Описанный способ определения биологической активности вещества, основанный на ко-культивироваяии здоровых и пораженных заболеванием клеток, обладает преимуществом перед известными способами. Предлагаемый способ позволяет определить биологическую активность вещества по отношению к определенной, заранее выбранной, клеточной популяции, например к раковым и/или стволовым клеткам. Использование в качестве объекта тестирования ко-культуры здоровых и пораженных заболеванием клеток позволяет повысить достоверность определения биологической активности путем моделирования межклеточных взаимодействий, например условий, в которых раковые клетки находятся в тканях организма.The described method for determining the biological activity of a substance, based on the co-cultivation of healthy and diseased cells, has an advantage over known methods. The proposed method allows to determine the biological activity of a substance with respect to a specific, pre-selected, cell population, for example, cancer and / or stem cells. The use of healthy and diseased cells as an object of co-culture testing allows to increase the reliability of determining biological activity by modeling intercellular interactions, for example, the conditions under which cancer cells are located in the tissues of the body.

Моделирование процесса взаимодействия потенциально-лекарственного вещества с клетками биологических тканей, например больного пациента, вне организма пациента позволяет существенно повысить результативность поиска и применения оптимального, наиболее подходящего в конкретной ситуации лекарственного препарата. Например, таким моделированием удается выявить препарат, обладающий низкой цитотоксичностью по отношению к здоровым клеткам и обладающий высокой цитотоксичностью к пораженным заболеванием клеткам, например обладающий противораковым эффектом.Modeling the process of interaction of a potential drug substance with cells of biological tissues, for example, a sick patient, outside the patient's body can significantly increase the effectiveness of the search and use of the optimal drug that is most suitable in a particular situation.

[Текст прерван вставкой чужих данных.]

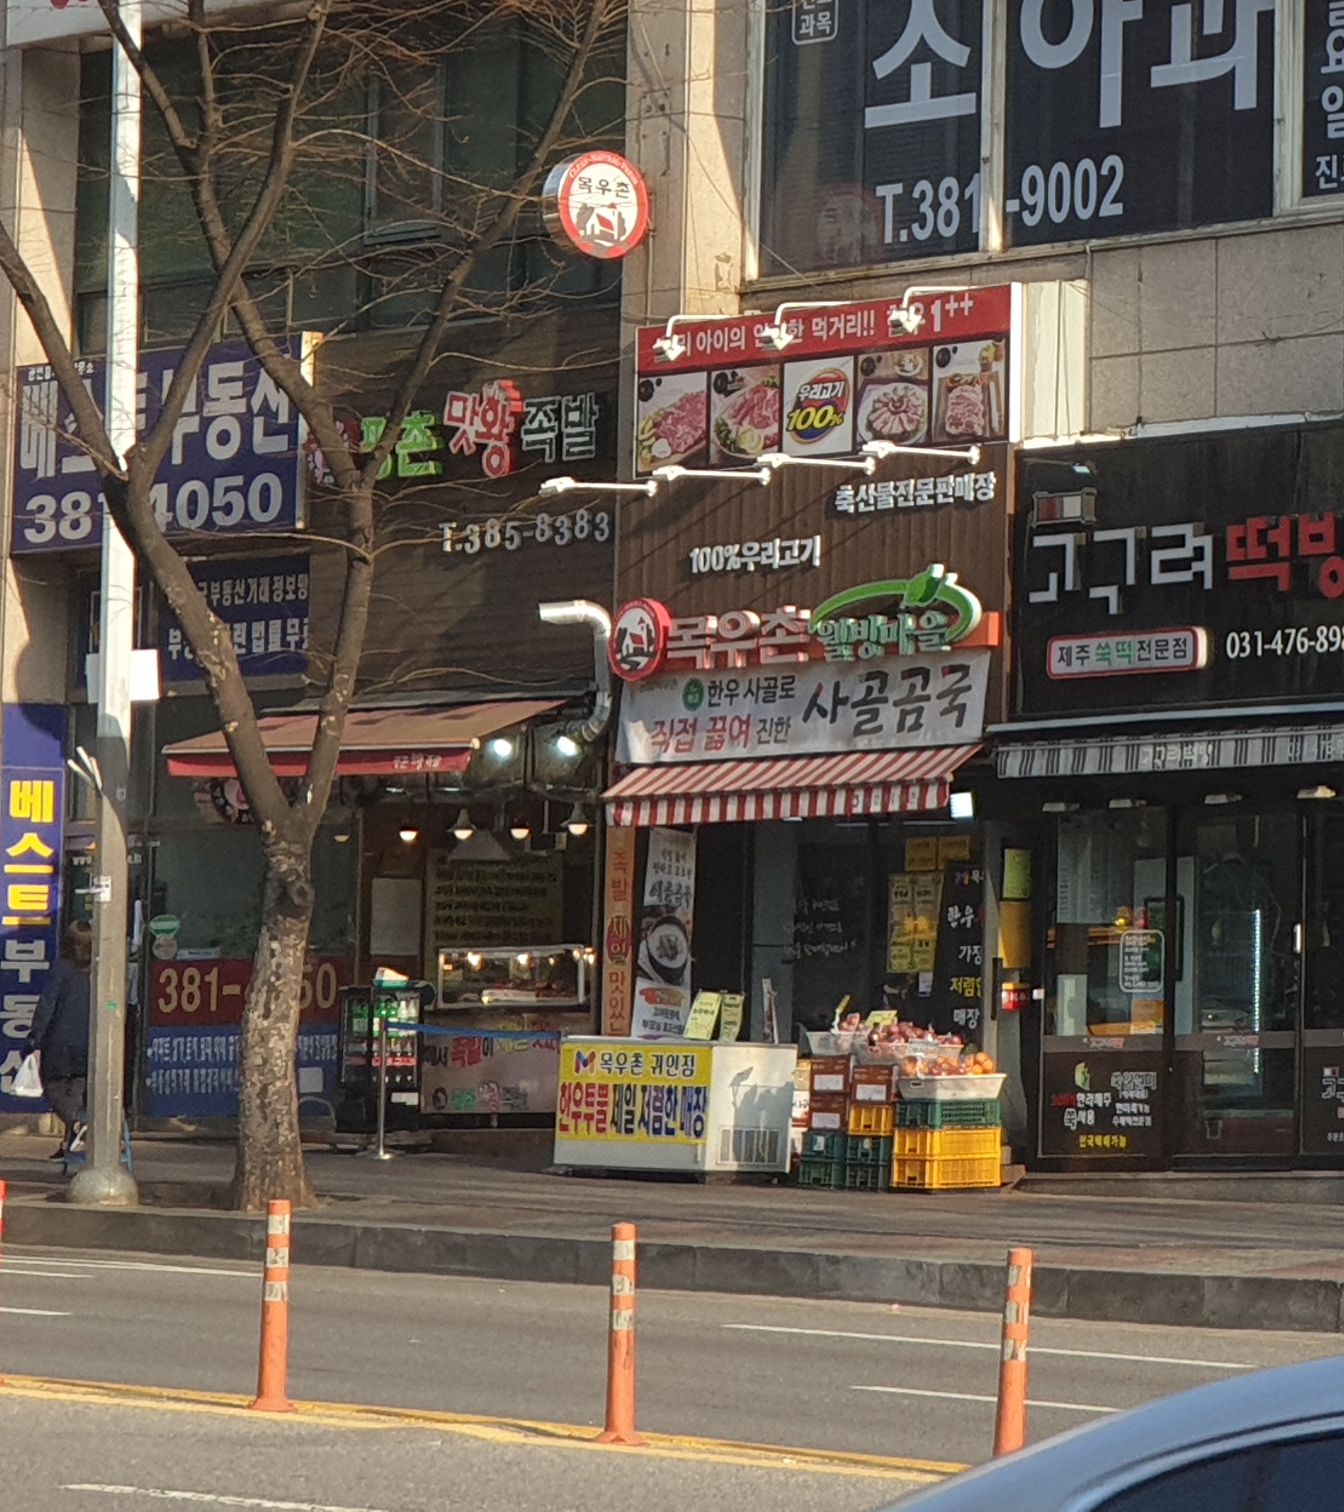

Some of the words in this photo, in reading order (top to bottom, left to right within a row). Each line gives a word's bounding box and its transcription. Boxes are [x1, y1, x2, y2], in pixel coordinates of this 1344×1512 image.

[799, 11, 834, 38] 과목
[696, 326, 746, 352] 아이의
[811, 310, 876, 339] 먹거리!!
[798, 381, 846, 402] 우리고기
[521, 392, 599, 464] 족발
[786, 403, 845, 432] 100%
[834, 471, 996, 514] 축산물전문판매장
[438, 508, 611, 554] T.385-8383
[689, 534, 822, 574] 100%우리고기
[665, 605, 812, 668] 목우촌
[816, 610, 952, 662] 웰빙마을
[707, 678, 740, 708] 한우
[743, 674, 797, 703] 사골로
[801, 663, 973, 738] 사골곰국
[650, 716, 699, 755] 직접
[704, 713, 752, 752] 끓여
[755, 716, 792, 745] 진한
[600, 1052, 644, 1076] 목우촌
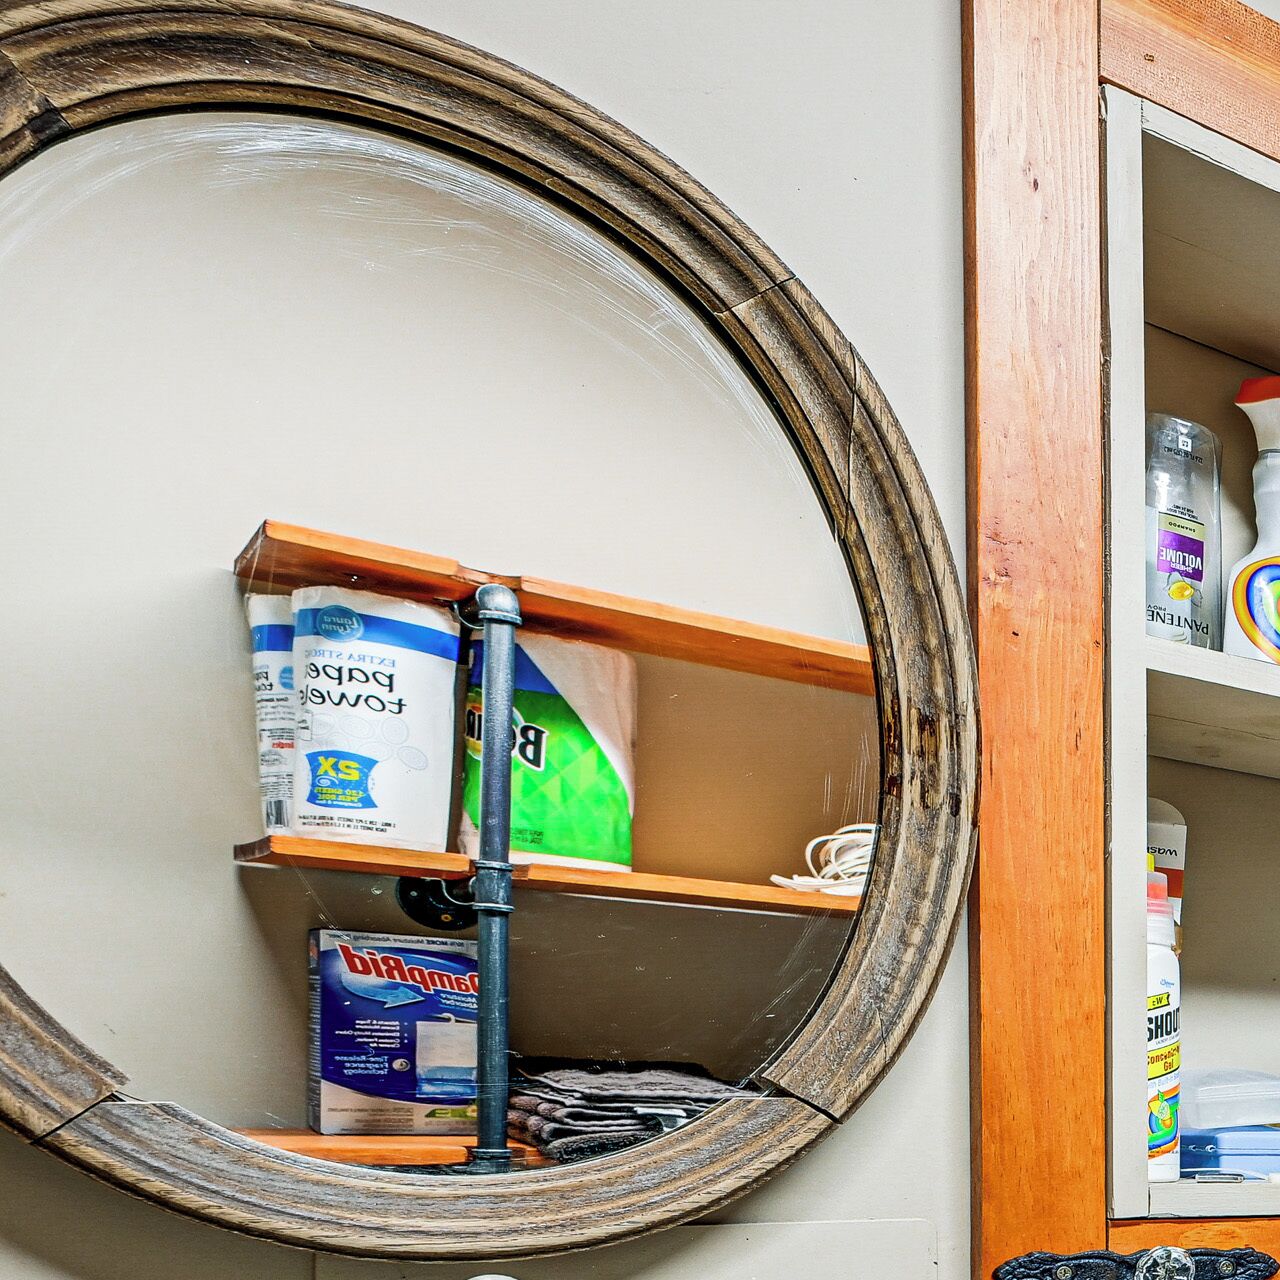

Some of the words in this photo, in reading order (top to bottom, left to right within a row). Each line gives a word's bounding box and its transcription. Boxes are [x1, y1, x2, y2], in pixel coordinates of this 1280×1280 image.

[1168, 521, 1196, 533] SHAMPOO
[1159, 546, 1203, 571] VOLUME
[1170, 562, 1193, 574] SHEER
[1147, 609, 1209, 636] PANTENE

For example, by such a simulation it is possible to identify a drug that has low cytotoxicity to healthy cells and has high cytotoxicity to diseased cells, for example, has an anti-cancer effect.

Такой подбор наиболее эффективного лечебного препарата до максимально возможного повышает результативность лечебного процесса.This selection of the most effective therapeutic drug to the maximum possible increases the effectiveness of the treatment process.

Общепринятое использование для определения биологической активности вещества отдельных чистых культур клеток не позволяет проводить точную оценку терапевтических параметров, так как при тесном взаимодействии здоровые и пораженные заболеванием клетки могут изменять физиологический статус соседних клеток, меняя их чувствительность к лекарственным препаратам. Предлагаемый способ, в отличие от общепринятых, позволяет моделировать физиологические взаимодействия здоровых и пораженных заболеванием клеток вне организма, в культуре клеток, что недостижимо при применении прототипа.The common use for the determination of the biological activity of the substance of individual pure cell cultures does not allow an accurate assessment of therapeutic parameters, since with close interaction healthy and diseased cells can alter the physiological status of neighboring cells, changing their sensitivity to drugs. The proposed method, in contrast to the conventional, allows you to simulate the physiological interactions of healthy and diseased cells outside the body, in cell culture, which is unattainable when using the prototype.

Проведенные ранее эксперименты показали, что клетки, выделяемые из зачатков зубов человека по описанному в примере способу, аналогичны мезенхимным стволовым клеткам (МСК) (6). Известно, что помимо зачатков зубов, МСК выделяют из костного мозга, жировой ткани, хрящей, пуповины и пуповинной крови, плаценты, пульпы зубов и других тканей человека и животных (7, 8). Эти клетки обладают схожими свойствами, такими как иммунофенотип, и способностью к дифференцировке в остеогенном, хондрогенном и адипогенном направлении. Таким образом, приведенный пример осуществления предлагаемого способа не ограничивает применение иных (по сравнению с приведенными в примере) культур клеток, а также способов мечения клеточных популяций и способов определения биологического эффекта исследуемого вещества на здоровые и раковые клетки.Previous experiments showed that cells isolated from the rudiments of human teeth according to the method described in the example are similar to mesenchymal stem cells (MSCs) (6). It is known that in addition to the germ of teeth, MSCs are isolated from bone marrow, adipose tissue, cartilage, umbilical cord and umbilical cord blood, placenta, pulp of teeth and other tissues of humans and animals (7, 8). These cells have similar properties, such as immunophenotype, and the ability to differentiate in osteogenic, chondrogenic and adipogenic directions. Thus, the example of the implementation of the proposed method does not limit the use of other (compared to the examples) cell cultures, as well as methods for labeling cell populations and methods for determining the biological effect of the test substance on healthy and cancer cells.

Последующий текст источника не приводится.